• _THE TASK_:
If an entry includes an image, drop the image and copy the rest verbatim.

-- RECORDS FOR PROCESSING follows --

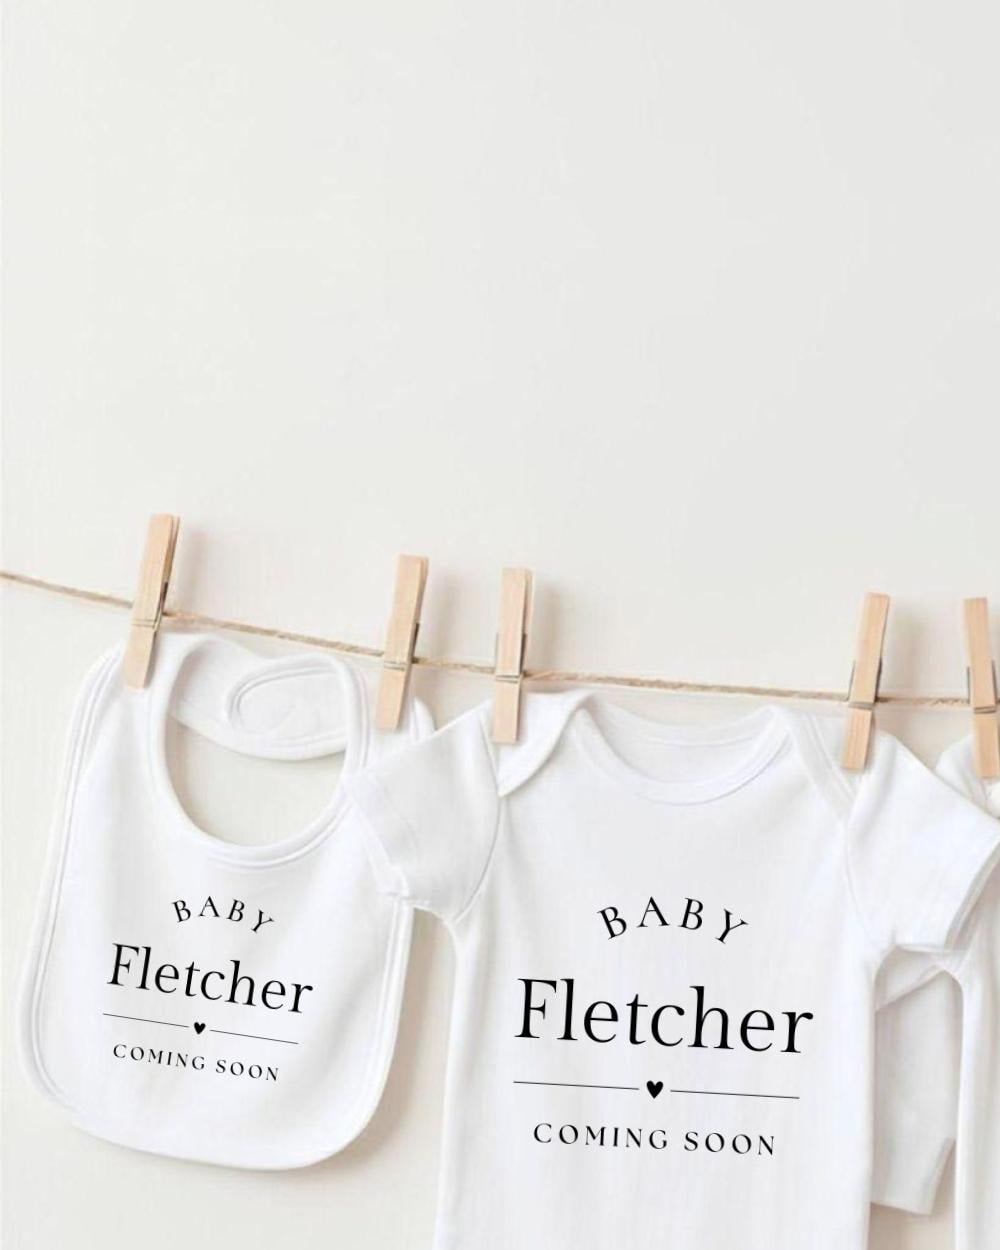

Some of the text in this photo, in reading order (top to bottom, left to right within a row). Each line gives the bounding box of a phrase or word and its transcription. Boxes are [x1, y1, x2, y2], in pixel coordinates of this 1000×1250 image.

[172, 896, 274, 933] BABY
[597, 897, 748, 944] BABY
[107, 943, 314, 1013] Fletcher
[514, 978, 813, 1053] Fletcher
[113, 1045, 278, 1081] COMING SOON
[534, 1123, 774, 1155] COMING SOON

-- RECORDS FOR PROCESSING concluded --

• _EXERCISE SOLUTION_:
Some of the text in this photo, in reading order (top to bottom, left to right within a row). Each line gives the bounding box of a phrase or word and its transcription. Boxes are [x1, y1, x2, y2], in pixel coordinates of this 1000×1250 image.

[172, 896, 274, 933] BABY
[597, 897, 748, 944] BABY
[107, 943, 314, 1013] Fletcher
[514, 978, 813, 1053] Fletcher
[113, 1045, 278, 1081] COMING SOON
[534, 1123, 774, 1155] COMING SOON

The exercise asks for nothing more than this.